-- Opening Marker --
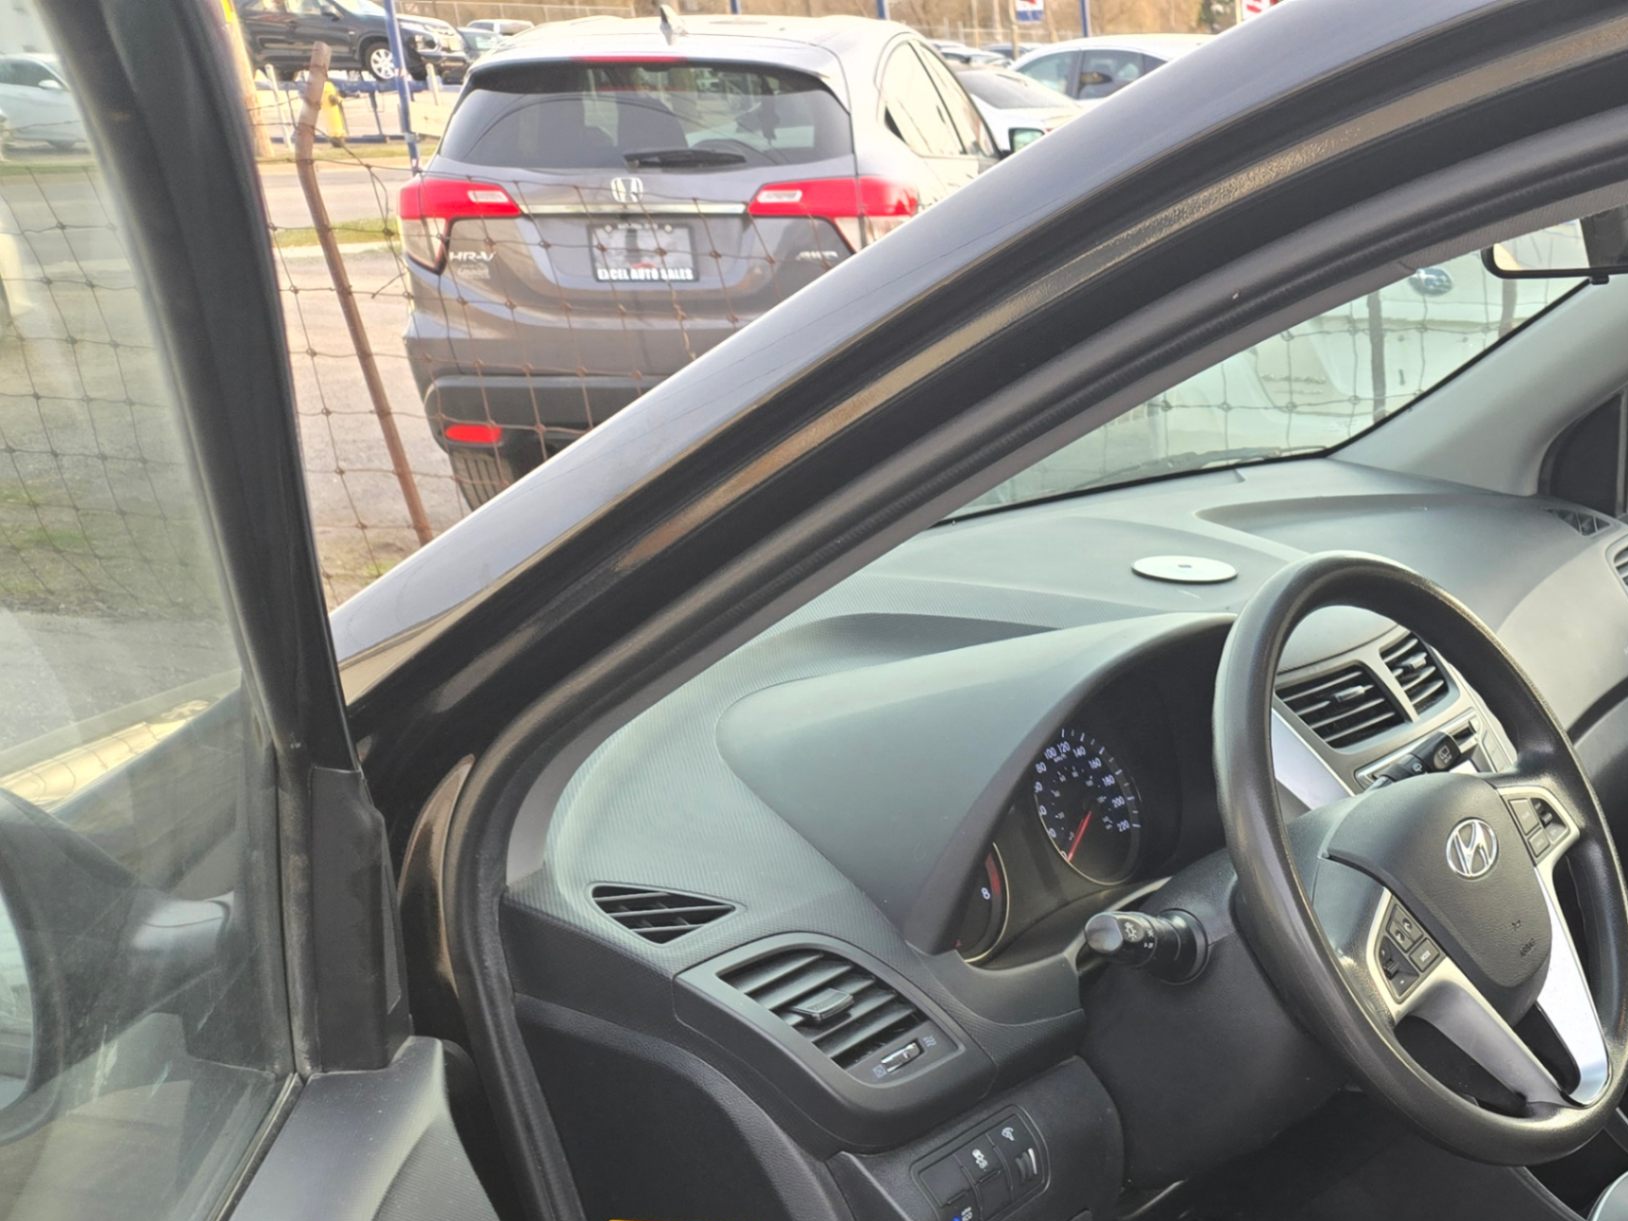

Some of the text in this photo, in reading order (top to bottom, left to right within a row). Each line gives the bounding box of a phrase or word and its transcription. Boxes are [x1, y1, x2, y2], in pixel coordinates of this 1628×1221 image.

[448, 251, 496, 262] HR-V
[631, 268, 659, 280] AUTO
[1117, 819, 1130, 832] 220
[981, 887, 991, 900] 8
-- Closing Marker --
Reproduce the material in full, word for word, and omit the pictures.

● Response to the exercise
Some of the text in this photo, in reading order (top to bottom, left to right within a row). Each line gives the bounding box of a phrase or word and its transcription. Boxes are [x1, y1, x2, y2], in pixel coordinates of this 1628×1221 image.

[448, 251, 496, 262] HR-V
[631, 268, 659, 280] AUTO
[1117, 819, 1130, 832] 220
[981, 887, 991, 900] 8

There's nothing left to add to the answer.